Gattenlöhner S., Schneider C., Thamer C., Klein R., Roggendorf W., Gohlke F., Niethammer C., Czub S., Vincent A., Müller-Hermelink H-K., Marx A.
In adult muscle, acetylcholine receptors (AChR) are restricted mainly to the motor endplate where the adult isoform (alphabetadeltaepsilon) is expressed. When skeletal muscle is denervated in animal models, there is atrophy of the muscle and a marked increase in expression of the AChR foetal isoform (alphabetagammadelta) containing a gamma-subunit. Similar changes in AChR expression are thought to occur in human muscle. While the role of denervation in regulating AChR gene expression has been widely studied, it has not been determined whether the transcriptional programmes responsible for defining different fibre types have an impact on the expression of AChR genes.
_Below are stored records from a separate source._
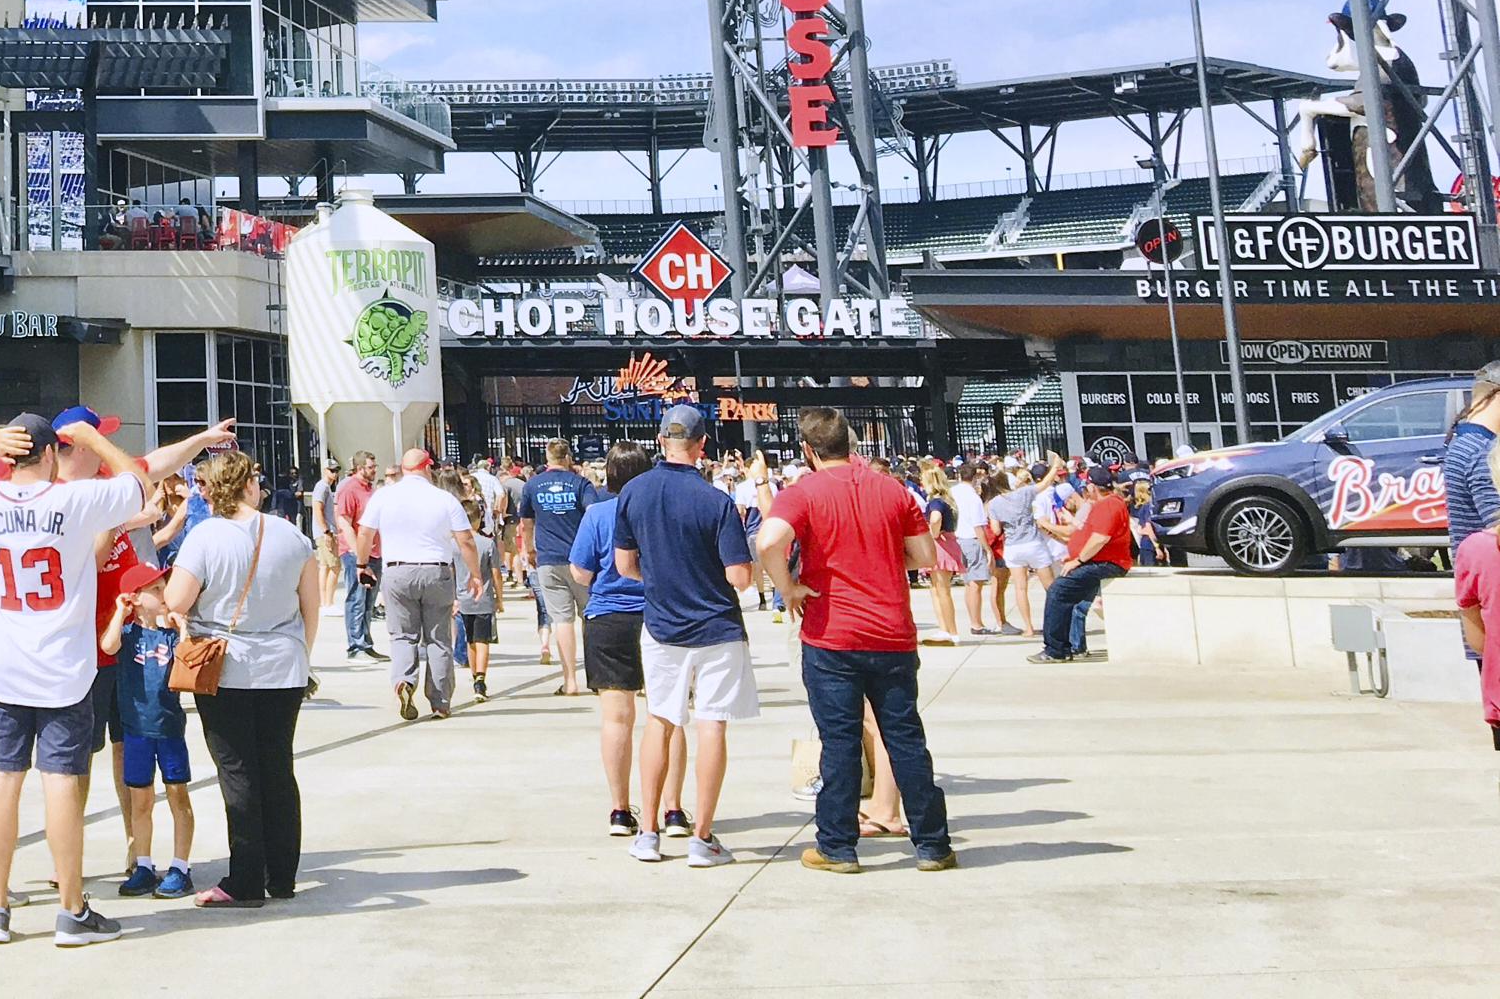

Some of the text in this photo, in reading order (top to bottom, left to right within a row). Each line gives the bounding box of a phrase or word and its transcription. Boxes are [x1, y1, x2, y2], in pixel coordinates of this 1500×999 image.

[1144, 230, 1177, 252] OPN
[1331, 226, 1470, 260] BURGER
[326, 248, 430, 297] TERRAPIN
[658, 253, 713, 291] CH
[1263, 279, 1331, 298] TIME
[1345, 279, 1395, 298] ALL
[1407, 279, 1459, 298] THE
[11, 310, 59, 338] BAR
[448, 297, 911, 336] CHOP HOUSE GATE
[1269, 344, 1305, 359] OPEN
[1311, 344, 1373, 359] EVERYDAY
[717, 397, 779, 421] PARK
[1081, 392, 1127, 405] BURGERS
[1146, 392, 1200, 405] COLD BER
[1220, 392, 1235, 404] HO
[1291, 392, 1320, 404] FRIES
[1102, 439, 1128, 459] BURGE
[536, 492, 577, 504] COSTA
[1328, 455, 1446, 530] Bra
[41, 510, 65, 536] JR.
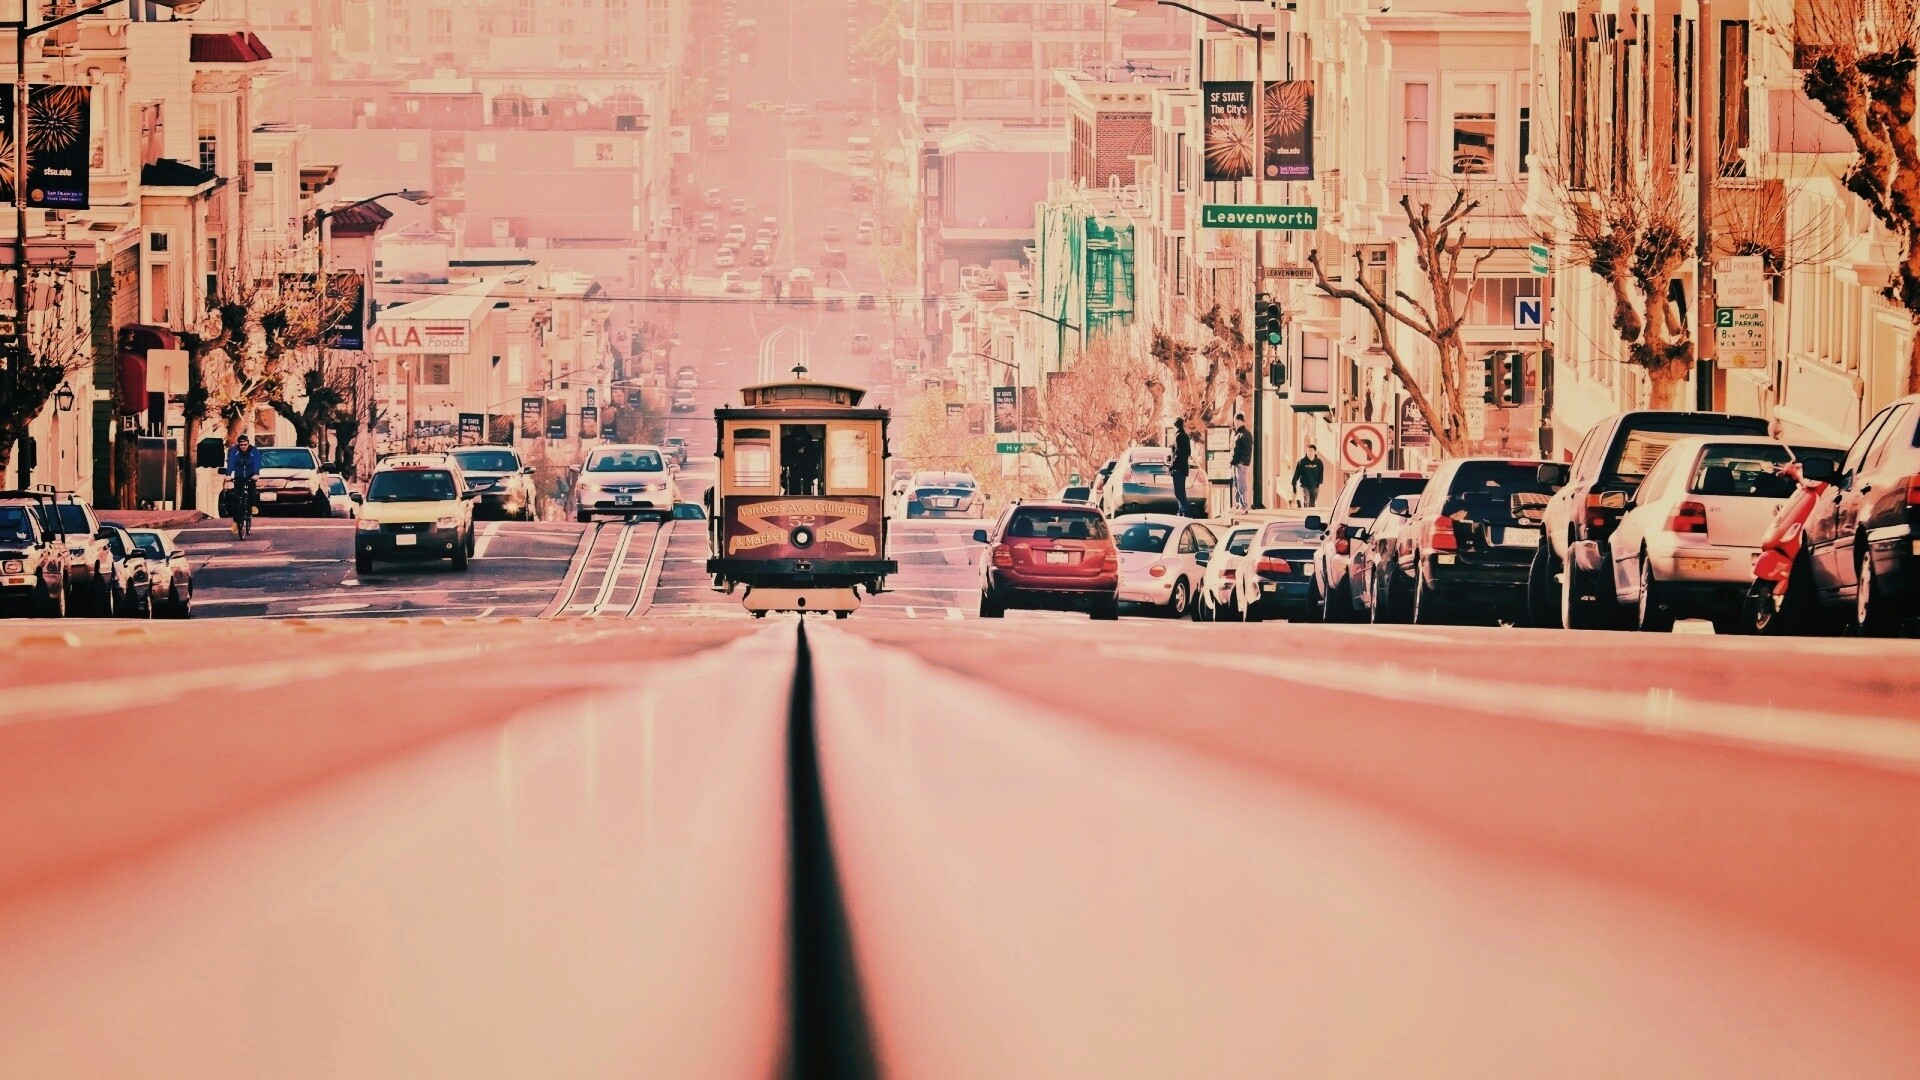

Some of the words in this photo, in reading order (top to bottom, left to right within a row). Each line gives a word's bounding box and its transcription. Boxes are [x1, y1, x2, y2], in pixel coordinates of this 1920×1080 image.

We investigated biopsies from patients with a wide spectrum of neuromuscular diseases for expression of the AChR alpha- and gamma-subunits using RNase protection assays, alpha/gamma-duplex reverse transcriptase polymerase chain reaction, immunohistochemistry for foetal AChR and RNA in situ hybridization. Muscle from all patients with neurogenic disorders and, to a lesser extent, myogenic disorders, exhibited markedly increased transcription of the AChR gamma-subunit but, in contrast to previous animal studies, did not show increased AChR alpha-subunit. Moreover, both immunohistochemistry and RNA in situ hybridization revealed that AChR gamma-subunit hyperexpression occurred exclusively in atrophic type 1 and not in atrophic type 2 muscle fibres, irrespective of the underlying neuromuscular disease. We conclude that up-regulation of the AChR gamma-subunit in human muscle disorders is restricted to type 1 muscle fibres and, therefore, that AChR gamma-subunit expression is controlled by a muscle fibre type-restricted transcriptional programme. The factors influencing expression of this and other functional proteins should be relevant to the understanding and treatment of a range of neuromuscular disorders.